Kensit's father, James, who also died relatively young, in 1987, was an associate of the Kray twins, known as 'Jimmy the Dip' for his pickpocketing proclivities.
Kensit has likened parties at her childhood home to The Sopranos, and remembers once going on a cruise to the Caribbean when her father was on the run. When he was finally jailed, she was told to tell friends that her dad - supposedly an antiques dealer - was away in South Africa on business.
It was her mother, a publicist, who put Kensit on the stage - or at least, at the age of four, in a television advert for Bird's Eye peas. Other juvenile roles included the 1974 movie The Great Gatsby, with Mia Farrow, whom she would later portray in a 1995 TV biopic, Love and Betrayal.
She credits her mother for helping with the difficult transition from child to young adult actor. "It's not an easy thing, but I managed to do that," she said.
"The reason being that my mother would never let me do interviews when I was growing up, going through the teens and the gawky phase when you've got zits.
"That made it easier because people in the industry knew that I was an actress they could hire and would deliver, but the public wouldn't necessarily recognise me."

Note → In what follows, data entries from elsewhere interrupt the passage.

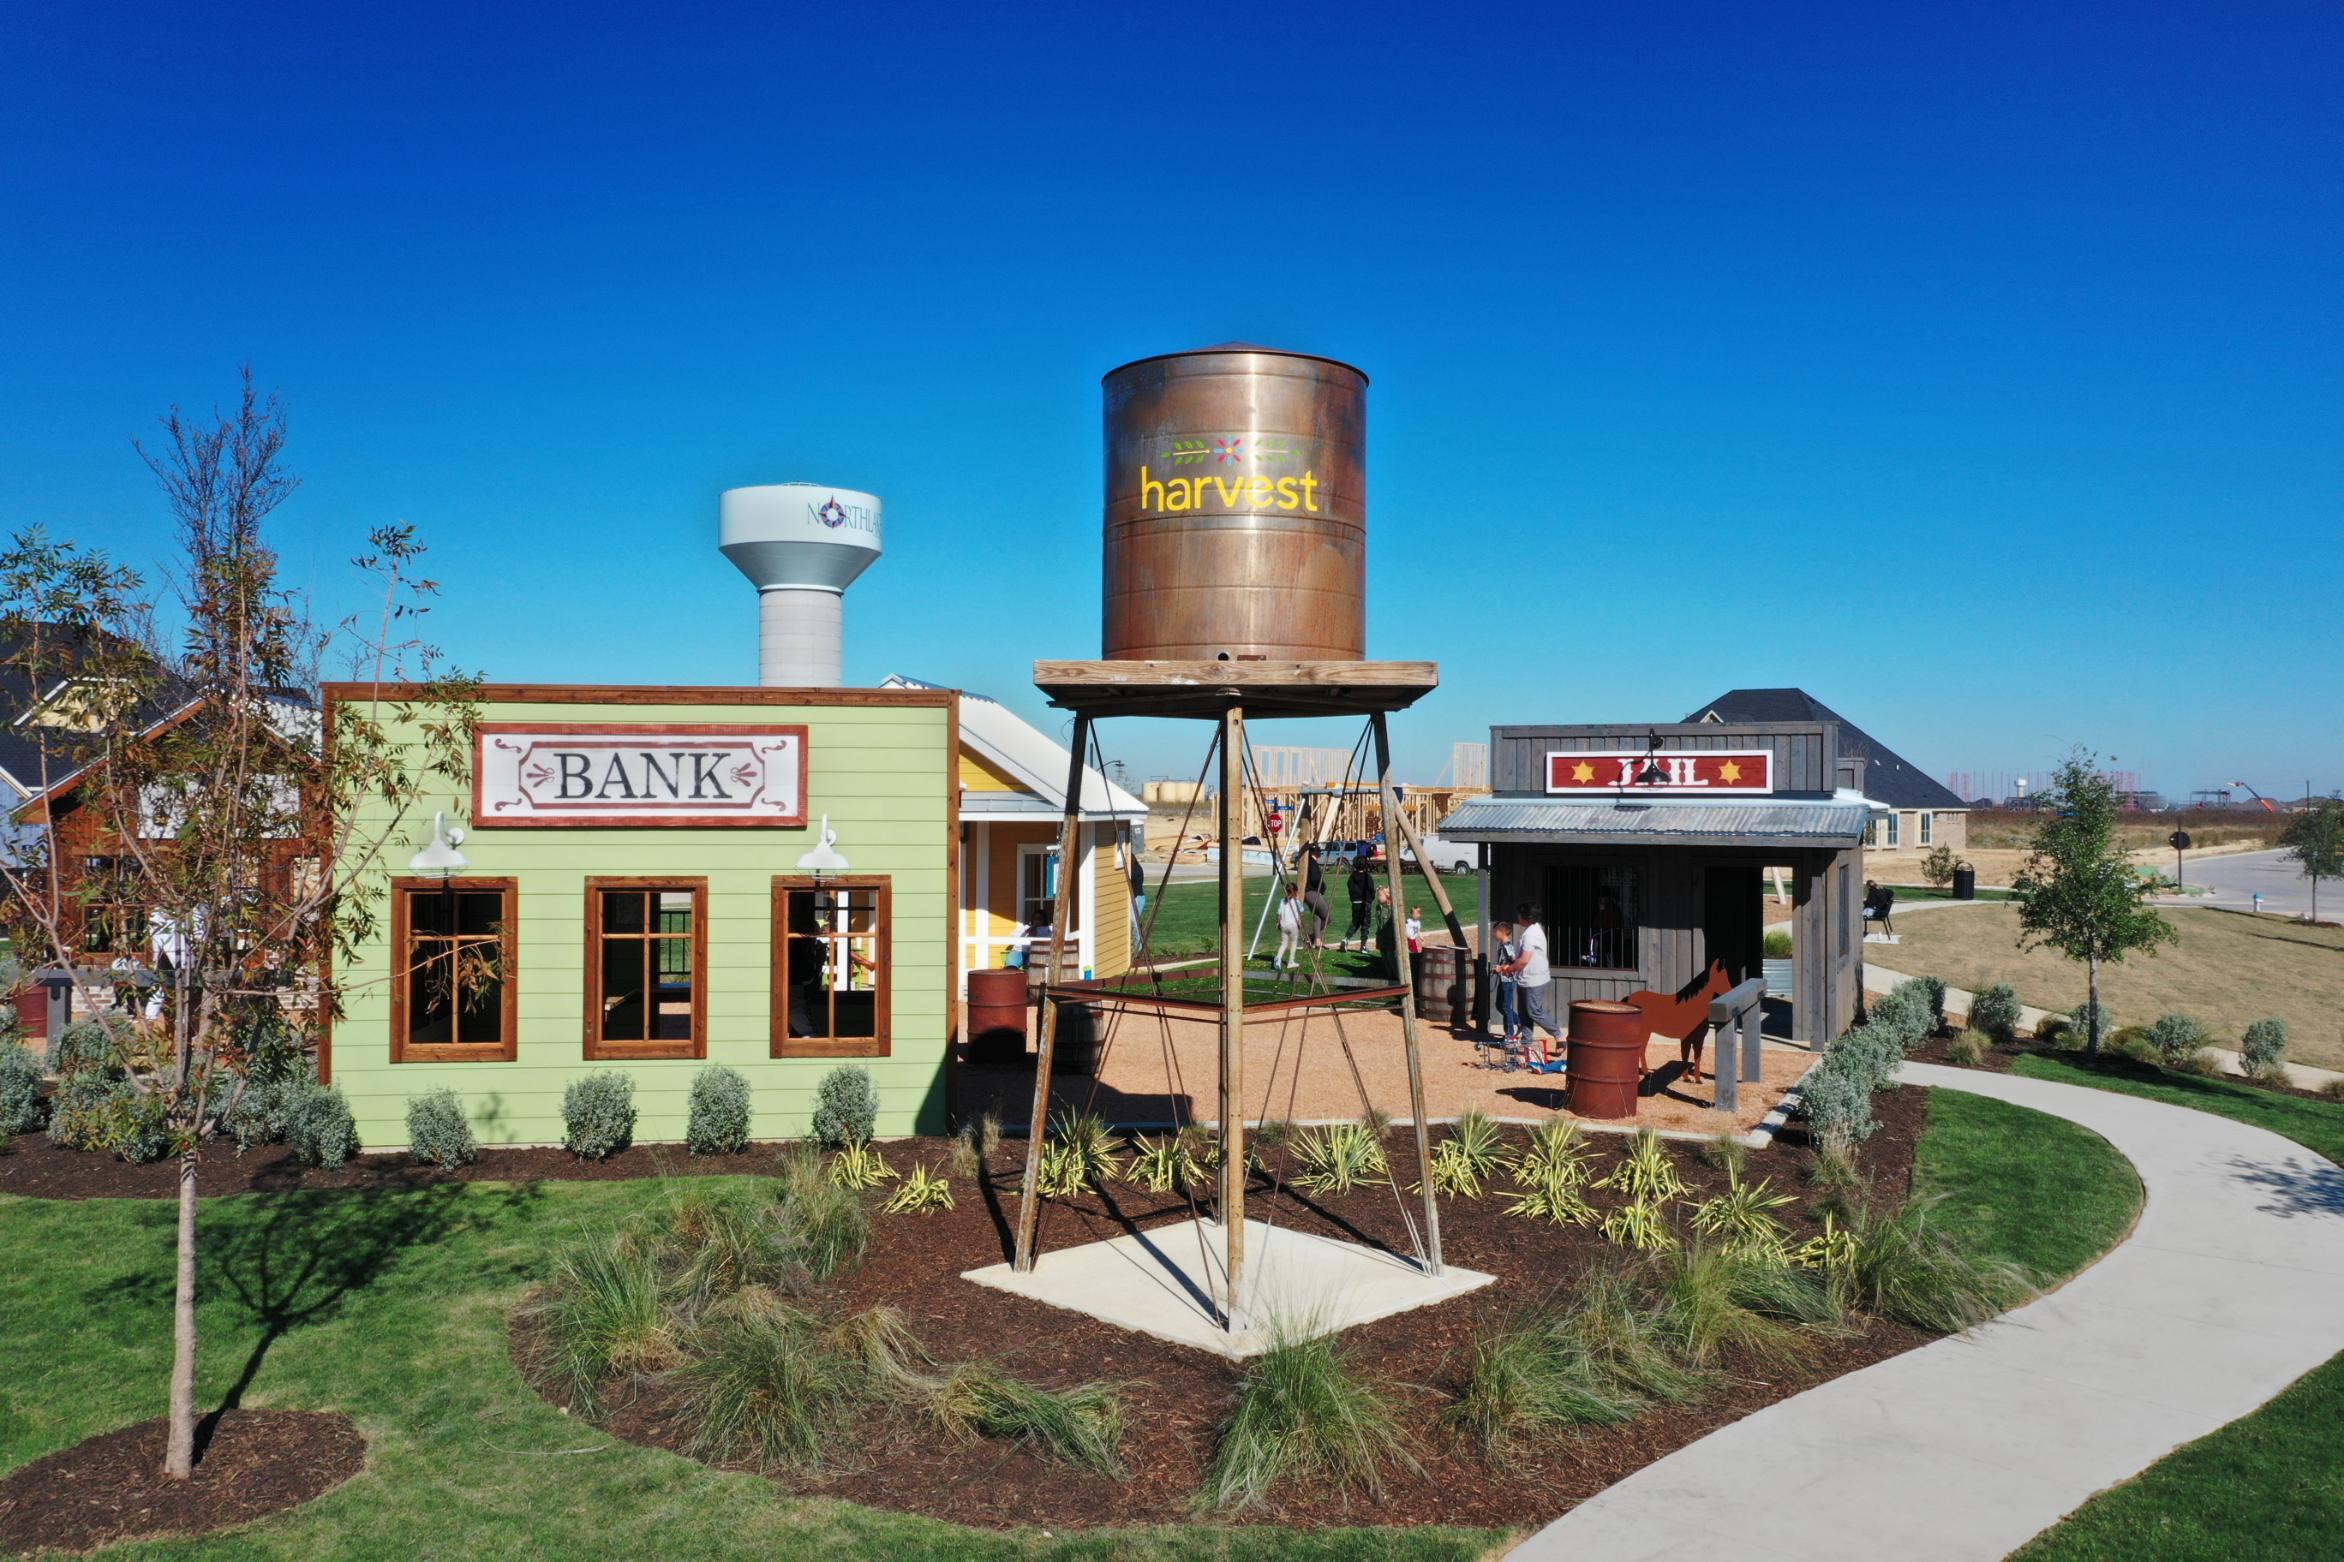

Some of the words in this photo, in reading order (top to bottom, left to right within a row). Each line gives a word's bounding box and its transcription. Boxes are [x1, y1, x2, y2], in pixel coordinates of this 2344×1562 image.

[1141, 465, 1318, 512] harvest
[553, 751, 733, 799] BANK
[1269, 819, 1282, 828] TOP
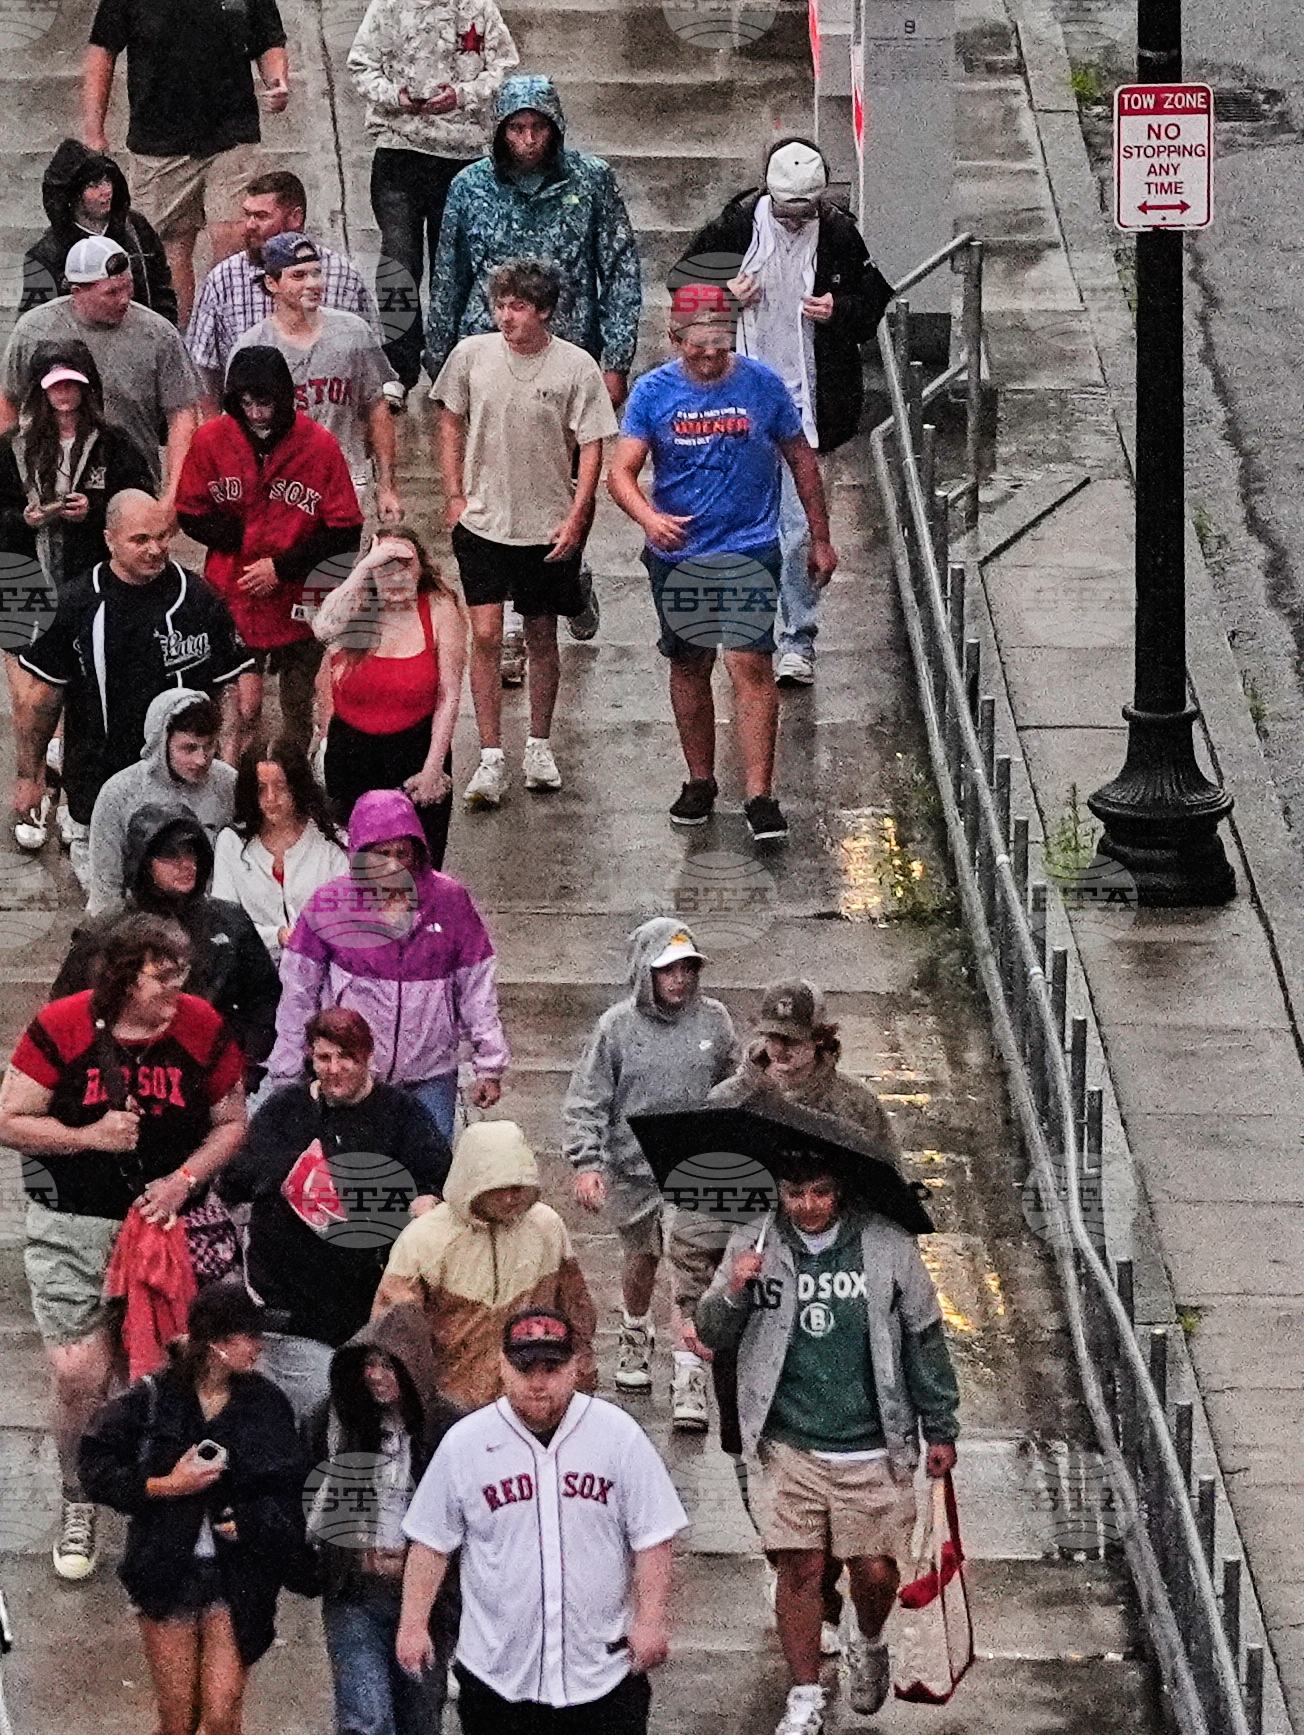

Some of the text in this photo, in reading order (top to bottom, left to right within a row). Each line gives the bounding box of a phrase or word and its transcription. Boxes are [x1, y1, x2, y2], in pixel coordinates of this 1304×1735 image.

[1122, 92, 1208, 110] TOW ZONE
[1147, 123, 1181, 140] NO
[1122, 144, 1206, 159] STOPPING
[1147, 163, 1181, 177] ANY
[1144, 182, 1184, 195] TIME
[269, 477, 323, 516] SOX
[482, 1471, 615, 1513] RED SOX
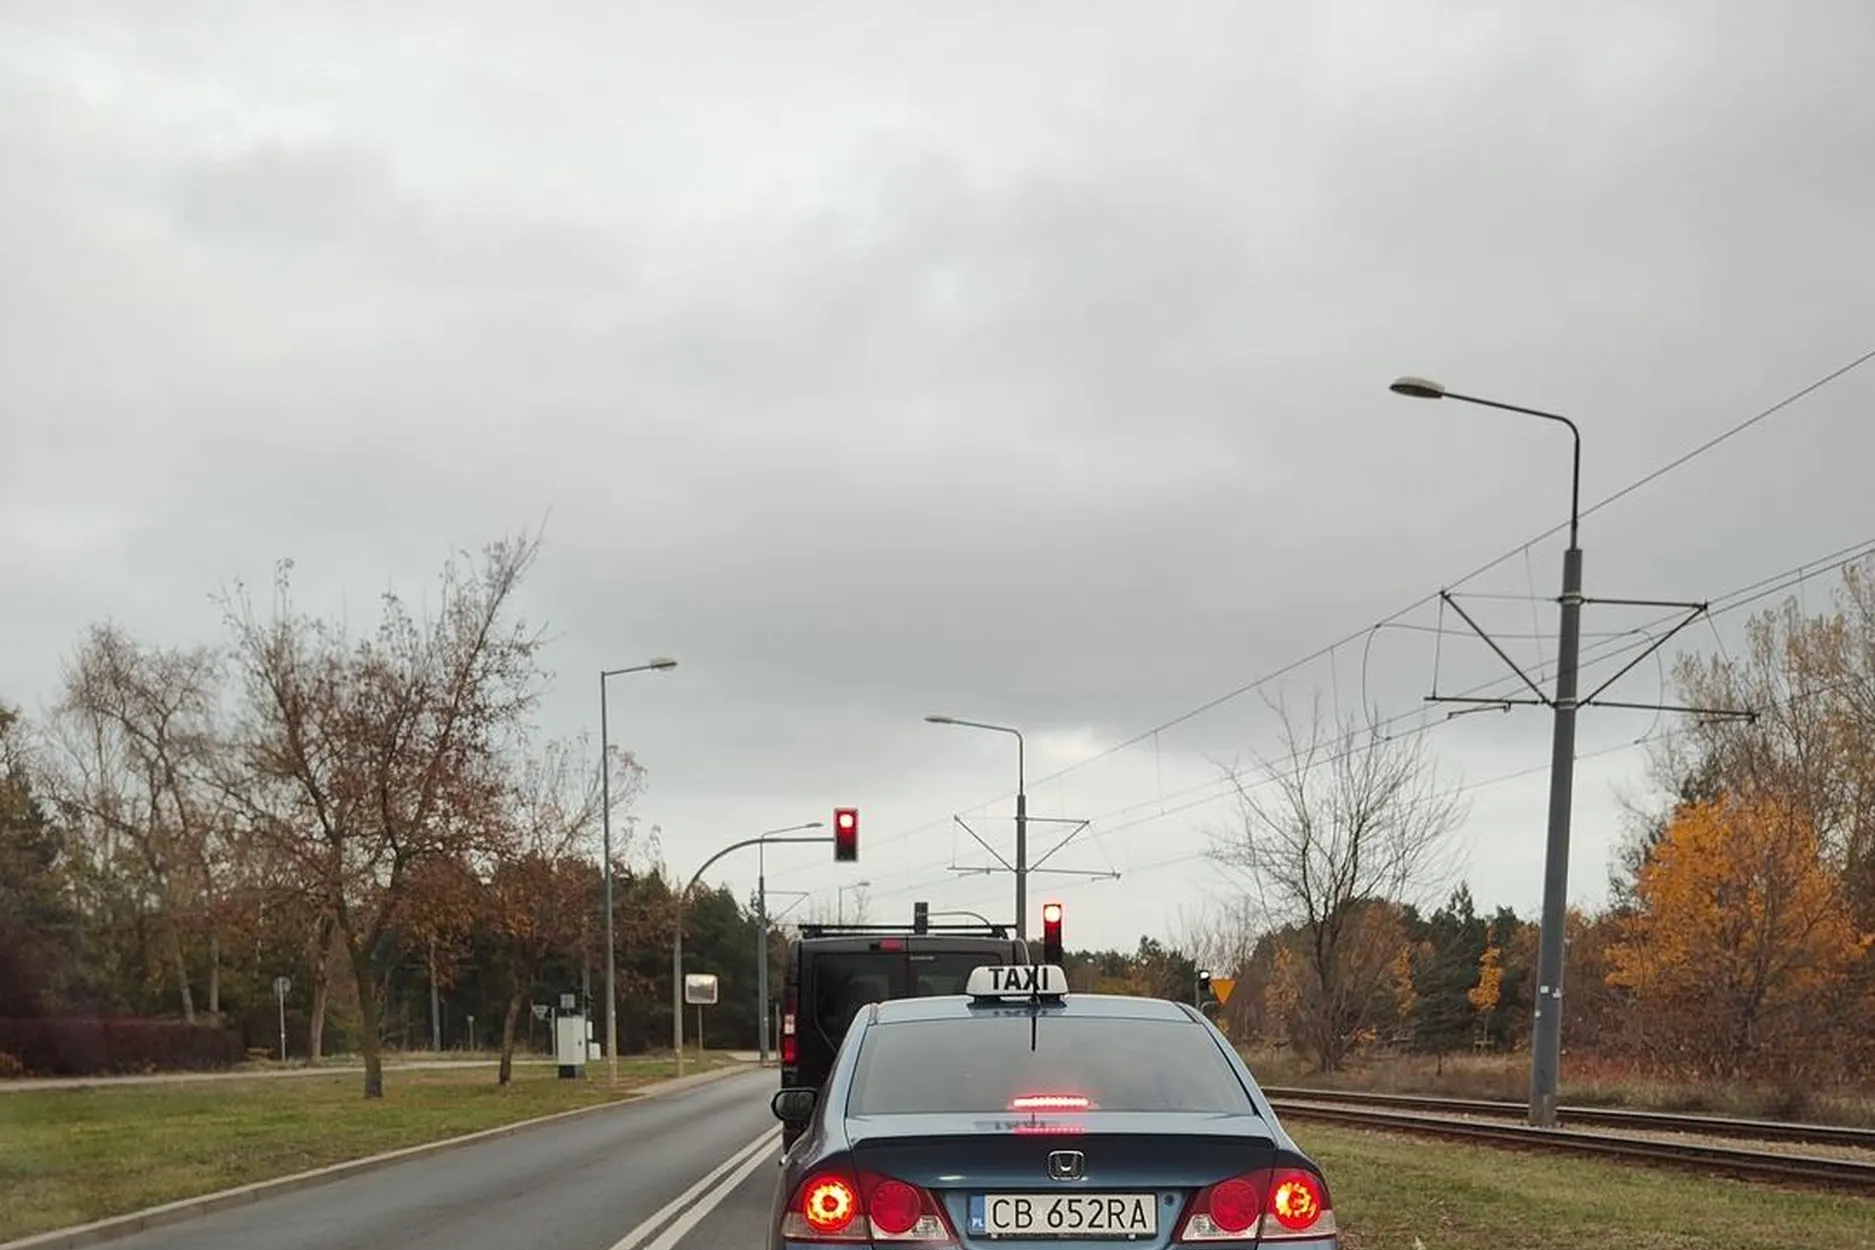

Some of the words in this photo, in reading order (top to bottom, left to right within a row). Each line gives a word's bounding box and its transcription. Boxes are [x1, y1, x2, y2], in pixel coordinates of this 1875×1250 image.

[988, 967, 1048, 990] TAXI
[992, 1198, 1033, 1229] CB
[1047, 1198, 1147, 1229] 652RA

That all changed with Absolute Beginners, where Kensit found herself sharing the screen with her teenage crush, David Bowie.
"I had these childish daydreams, 'oh my gosh he's going to fall in love with me' - I was a super-fan," she said.
"One day I was sitting in make-up and the make-up artist had gone to the men's room and Bowie walked in. He didn't say a word, he just picked up a hairbrush and started brushing my hair. He probably only did about three strokes but it felt like the most erotic thing I'd ever had in my entire life."
It was a stipulation of our meeting that we didn't discuss her exes, while she said that her sons with Jim Kerr and Liam Gallagher - respectively James (24) and 17-year-old Lennon - don't like being mentioned in interviews.
"My oldest son is a businessman and loathes anything to do with showbusiness," she said. "He's like 'I'm a civilian... don't discuss me in interviews'. My youngest son, he's on his own path [studying to be a theatre actor]. I spoke about it once and I got into such trouble... I got the hairdryer treatment."
Concentrating on motherhood - along with the now thankfully less iron law of screen acting that said roles for women start drying up at the age of 30 - has meant Kensit's once blooming movie career (with Mel Gibson in Lethal Weapon 2, the protagonist in Don Boyd's Twenty-One, opposite Dudley Moore in the rom-com Blame It on the Bellboy, the object of Mark Rylance's passion in Philip Haas's Angels & Insects) has given way to the regular pay provided by television soap operas - for two years as Emmerdale's resident "uber-bitch" Sadie King, followed by a further three years in Hollyoaks.
"I loved it," she said. "But my eldest son was about to turn 16 and I was always rushing to get to football matches, or I just couldn't go because I was filming. So I just decided to downsize our lives and get on with these precious few years I've got left."
That has been it, apart from a stint in Celebrity Big Brother, in which she shared the compound with Katie Hopkins and Perez Hilton and which she compared to being in One Flew Over the Cuckoo's Nest, and coming seventh in Strictly Come Dancing.
She is a warm if initially nervous interviewee and, despite the odd lurid headline about "falling out of nightclubs" - she is apparently clean-living, practising yoga each morning after a jog on Hampstead Heath ("running like a gazelle... not; more like a fast trot from a pretty little donkey".) Her ambition now is for more supporting roles and to see the world.
"I'm 48 now, there are places I would like to see. I think there's another 10 years in me and then I shall go."